- [INSTRUCTIONS FOR THE TASK]:
Repeat the listing below line by line, exactly, leaving its pictures behind.

- [DATA FOR THIS EXERCISE]:
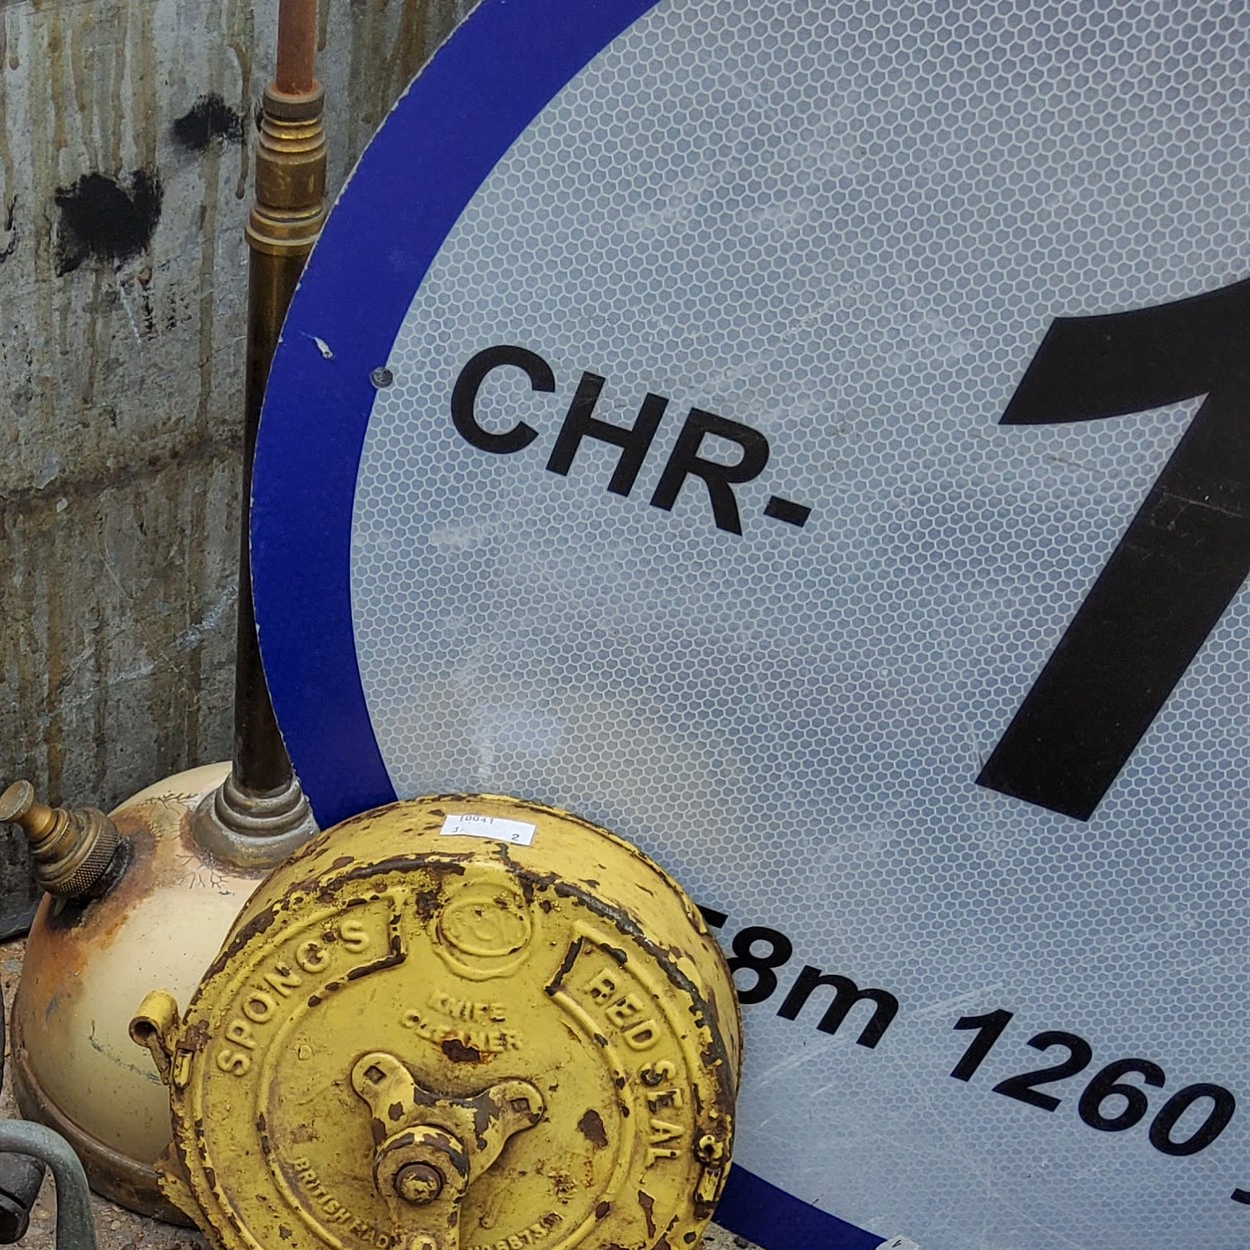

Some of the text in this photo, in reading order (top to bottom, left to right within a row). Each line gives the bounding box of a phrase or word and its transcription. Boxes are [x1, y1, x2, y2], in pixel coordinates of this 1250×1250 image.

[450, 344, 813, 536] CHR-
[583, 966, 685, 1170] RED SEAL
[694, 902, 1237, 1157] 8m 1260
[292, 1156, 352, 1224] BRITISH
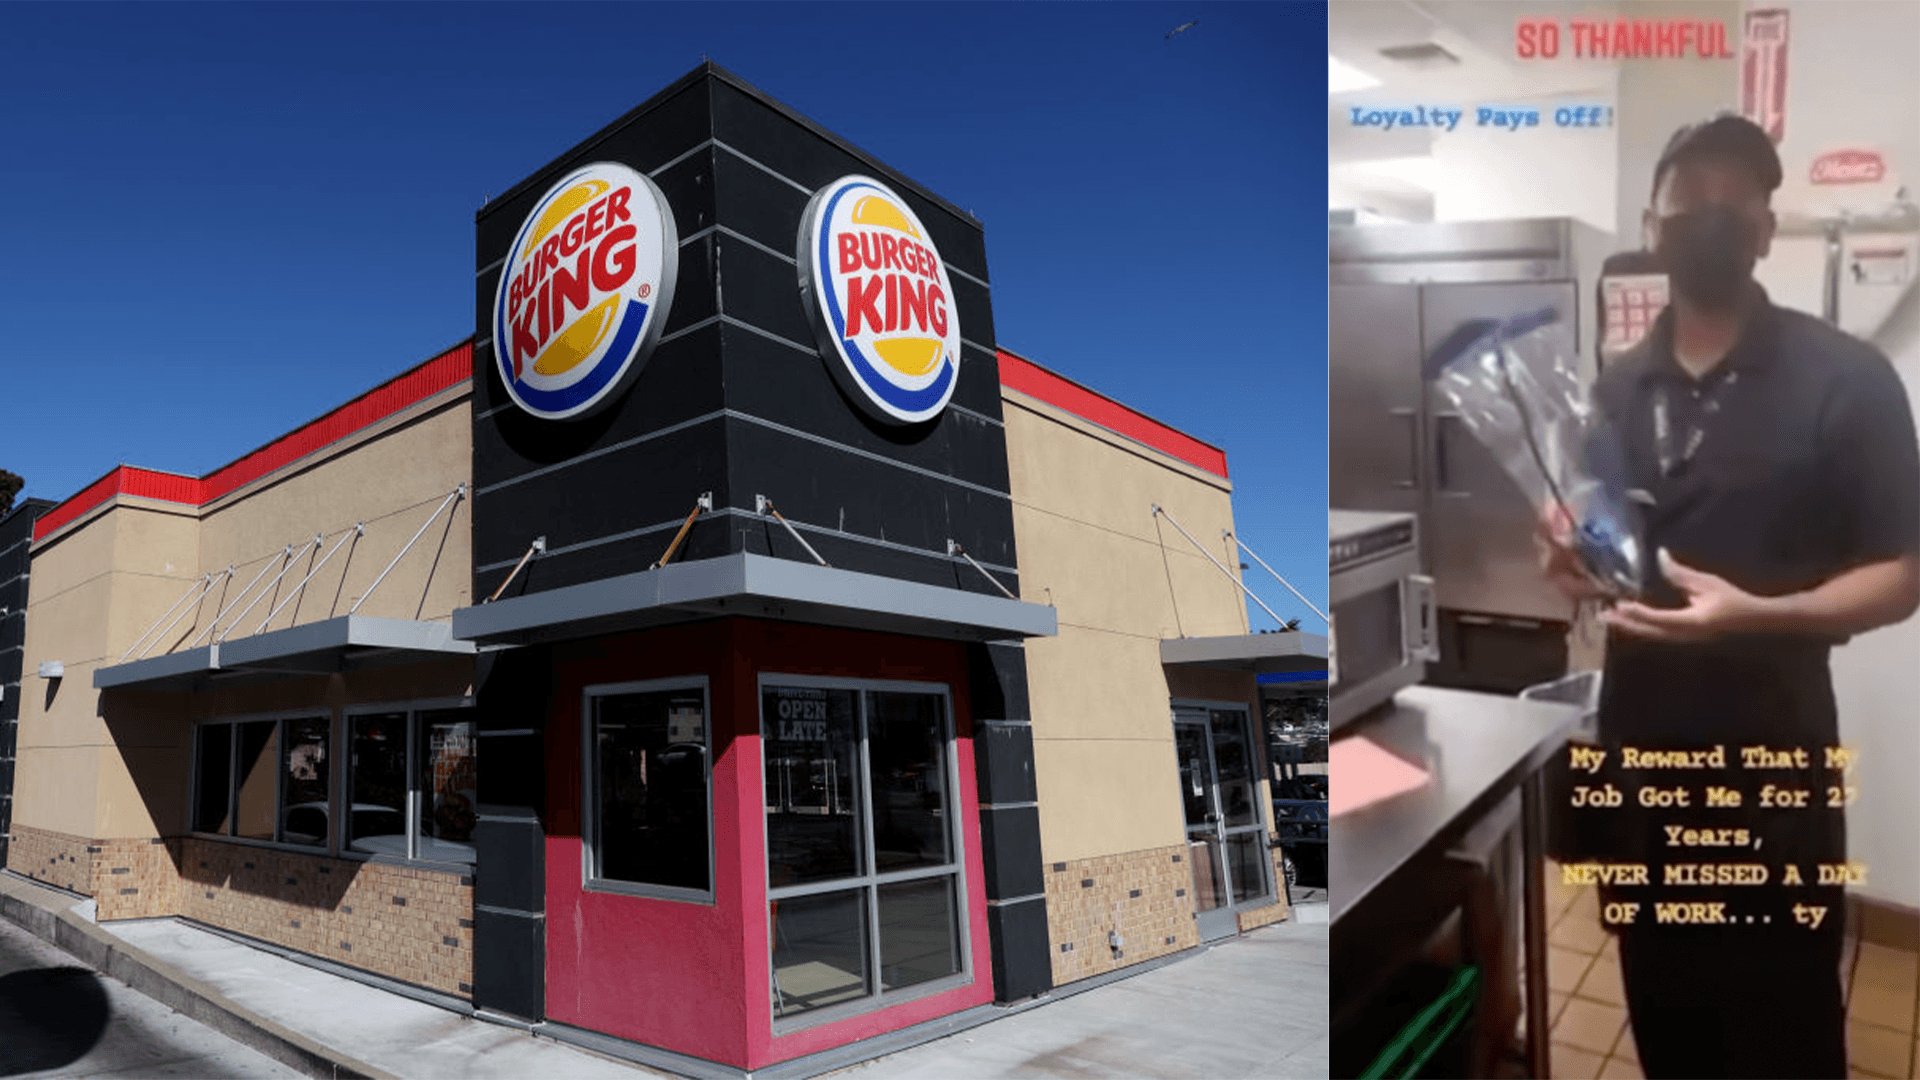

- [WORKED SOLUTION]:
Some of the text in this photo, in reading order (top to bottom, left to right within a row). Each line gives the bounding box of a phrase or word and its transcription. Boxes are [x1, y1, x2, y2], in pixel coordinates of this 1250×1250 image.

[450, 344, 813, 536] CHR-
[583, 966, 685, 1170] RED SEAL
[694, 902, 1237, 1157] 8m 1260
[292, 1156, 352, 1224] BRITISH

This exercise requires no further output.